Find the line below with "this 1008×1280 image." and the line with "this 1659×2212 image.". Output exactly those lines and everything between them, leaving out the pictures.
--- Task material Enclosed Below ---
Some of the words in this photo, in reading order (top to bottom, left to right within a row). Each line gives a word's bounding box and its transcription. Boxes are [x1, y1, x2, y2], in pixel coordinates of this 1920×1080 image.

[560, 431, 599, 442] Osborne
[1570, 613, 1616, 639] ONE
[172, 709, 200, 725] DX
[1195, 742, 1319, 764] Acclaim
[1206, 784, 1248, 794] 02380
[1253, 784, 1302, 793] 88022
--- End of Enclosed Task material ---
--- Task material Enclosed Below ---
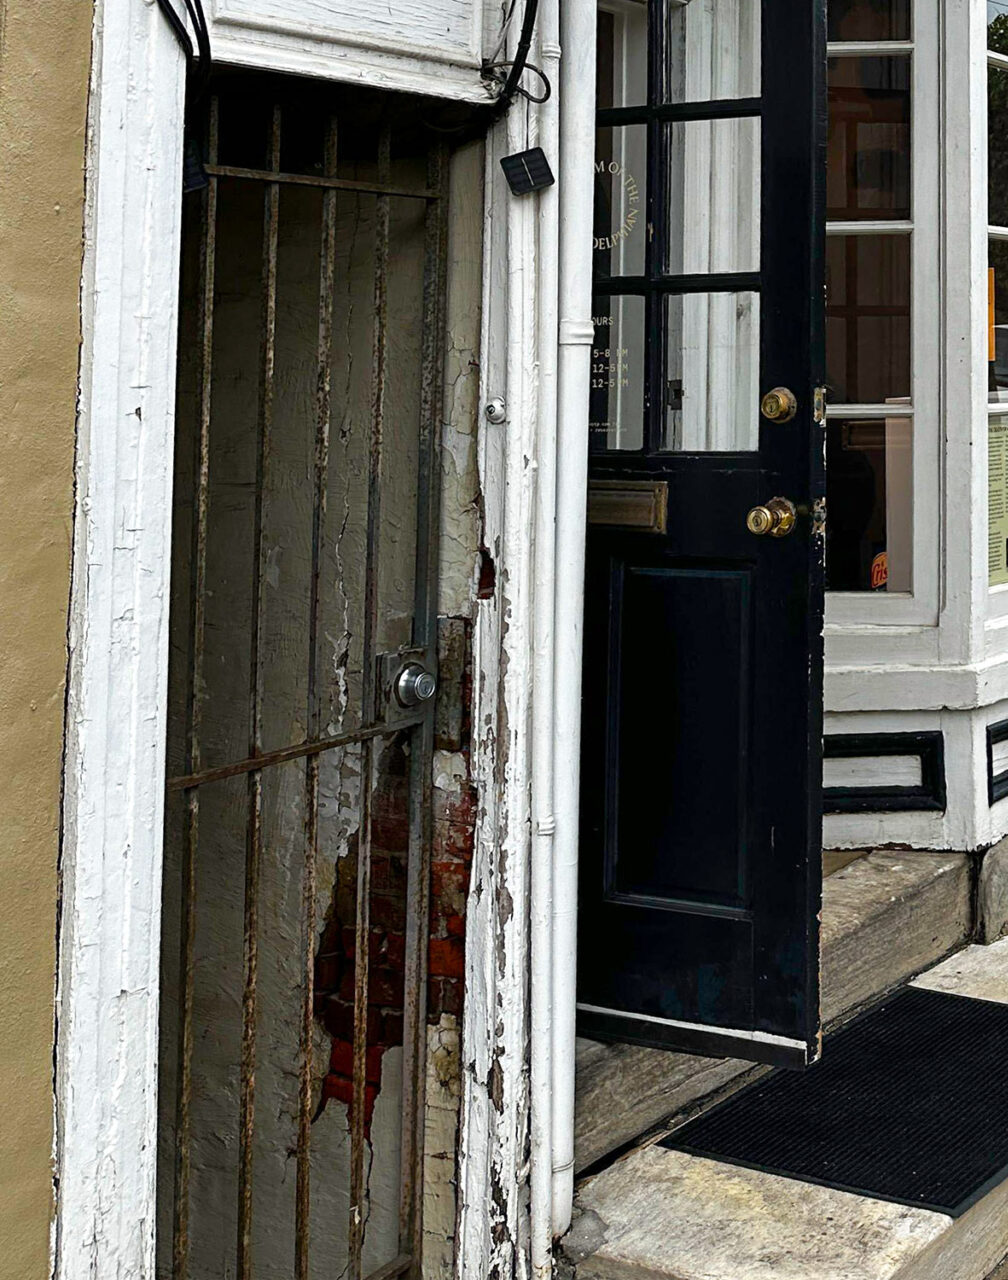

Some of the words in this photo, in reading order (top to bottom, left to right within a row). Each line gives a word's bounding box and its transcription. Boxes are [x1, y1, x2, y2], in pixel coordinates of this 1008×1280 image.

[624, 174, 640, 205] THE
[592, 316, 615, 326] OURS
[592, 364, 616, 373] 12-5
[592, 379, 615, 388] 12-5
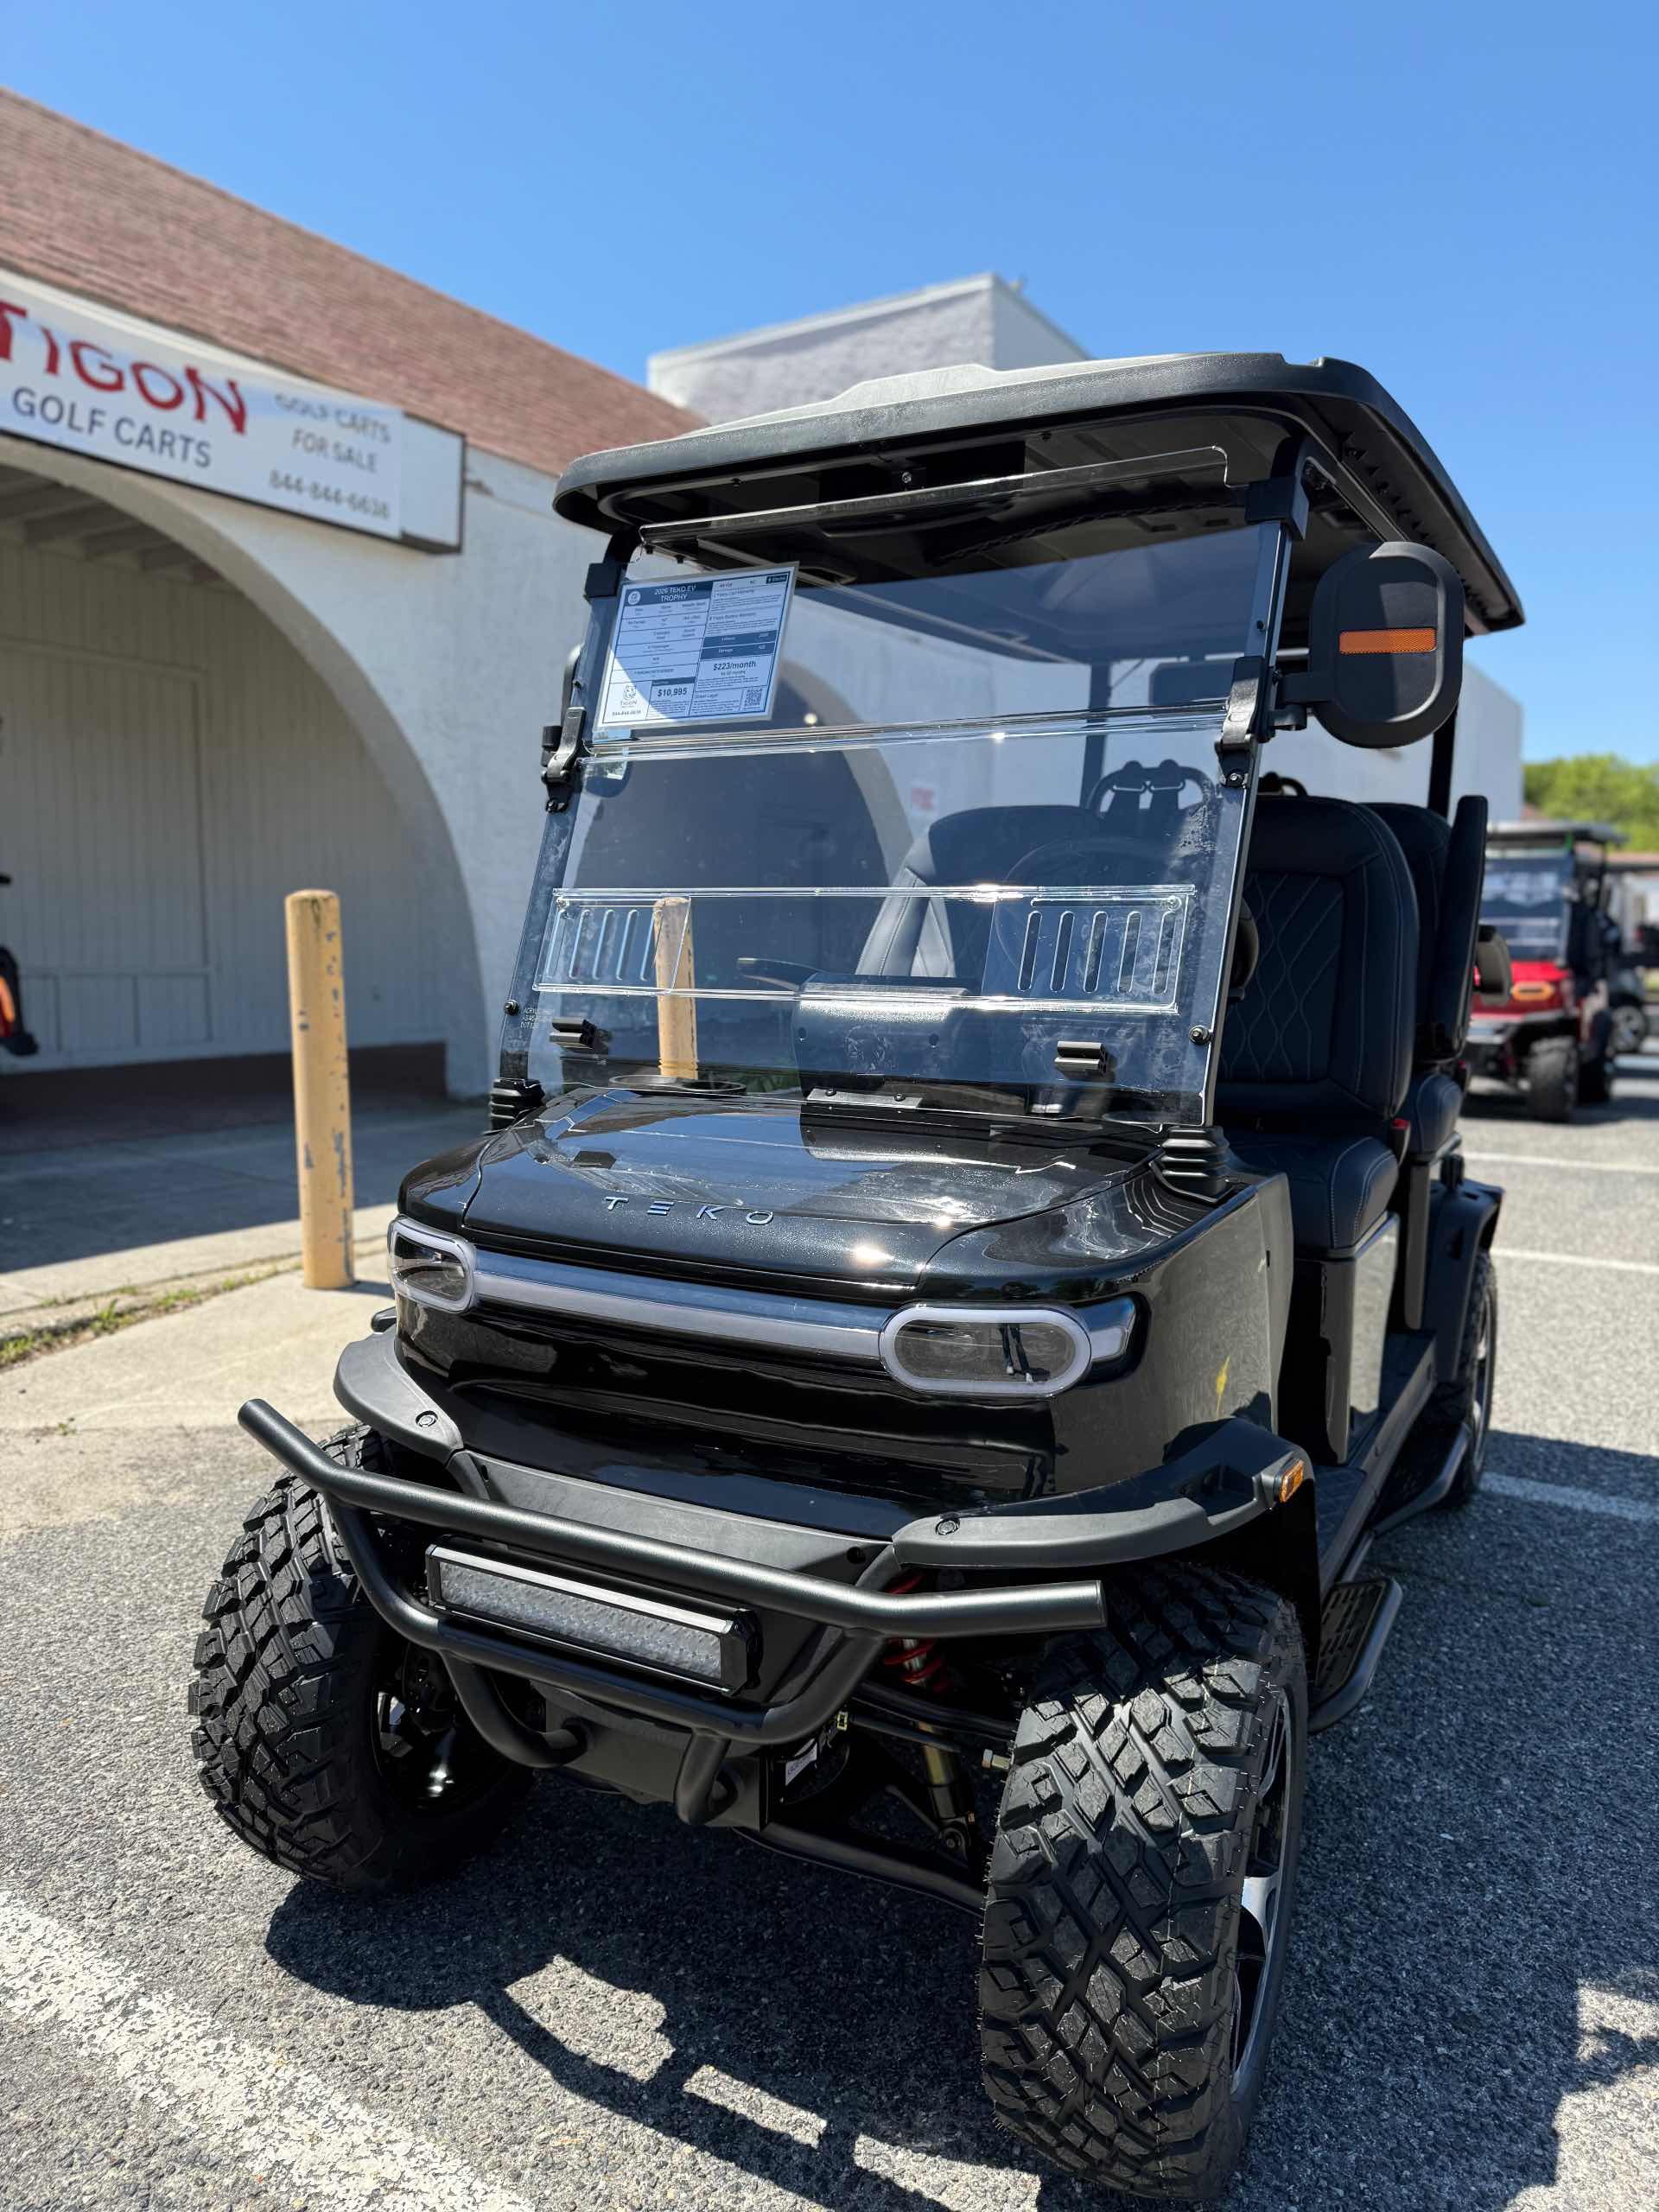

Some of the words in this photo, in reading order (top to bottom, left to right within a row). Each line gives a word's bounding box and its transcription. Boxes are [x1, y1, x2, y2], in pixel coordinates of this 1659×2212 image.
--- End of Enclosed Task material ---
Result:
Some of the words in this photo, in reading order (top to bottom, left to right within a row). Each line gives a word's bounding box and its transcription. Boxes are [x1, y1, x2, y2], in pixel coordinates of this 1008×1280 image.

[624, 174, 640, 205] THE
[592, 316, 615, 326] OURS
[592, 364, 616, 373] 12-5
[592, 379, 615, 388] 12-5

Some of the words in this photo, in reading order (top to bottom, left to right within a row). Each line gives a word's bounding box and its transcription. Boxes are [x1, y1, x2, y2], in pixel coordinates of this 1659×2212 image.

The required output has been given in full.